[[ Available data, beginning ]]

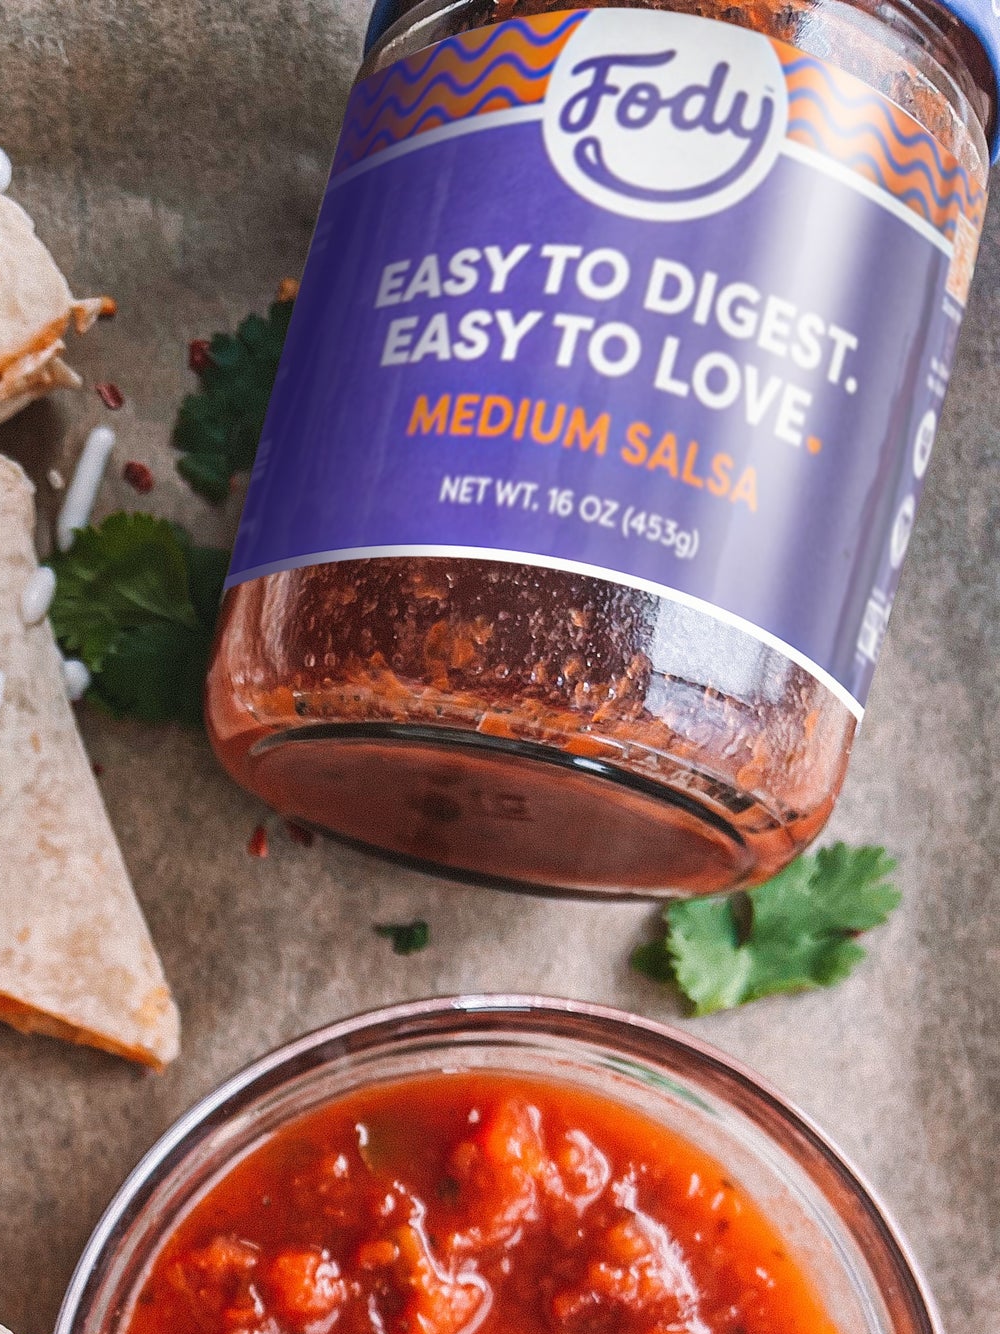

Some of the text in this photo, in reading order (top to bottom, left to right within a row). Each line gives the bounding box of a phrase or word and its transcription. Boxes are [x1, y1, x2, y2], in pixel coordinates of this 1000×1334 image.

[558, 49, 774, 203] Fody
[374, 244, 531, 308] EASY
[541, 244, 630, 300] TO
[643, 258, 858, 395] DIGEST.
[380, 310, 543, 367] EASY
[552, 314, 641, 377] TO
[407, 394, 758, 513] MEDIUM SALSA
[439, 475, 700, 560] NET WT. 16 OZ (453g)

[[ Available data, end ]]

__Task instructions__:
Repeat the records exactly but leave out the images.

__Answer to this exercise__:
Some of the text in this photo, in reading order (top to bottom, left to right within a row). Each line gives the bounding box of a phrase or word and its transcription. Boxes are [x1, y1, x2, y2], in pixel coordinates of this 1000×1334 image.

[558, 49, 774, 203] Fody
[374, 244, 531, 308] EASY
[541, 244, 630, 300] TO
[643, 258, 858, 395] DIGEST.
[380, 310, 543, 367] EASY
[552, 314, 641, 377] TO
[407, 394, 758, 513] MEDIUM SALSA
[439, 475, 700, 560] NET WT. 16 OZ (453g)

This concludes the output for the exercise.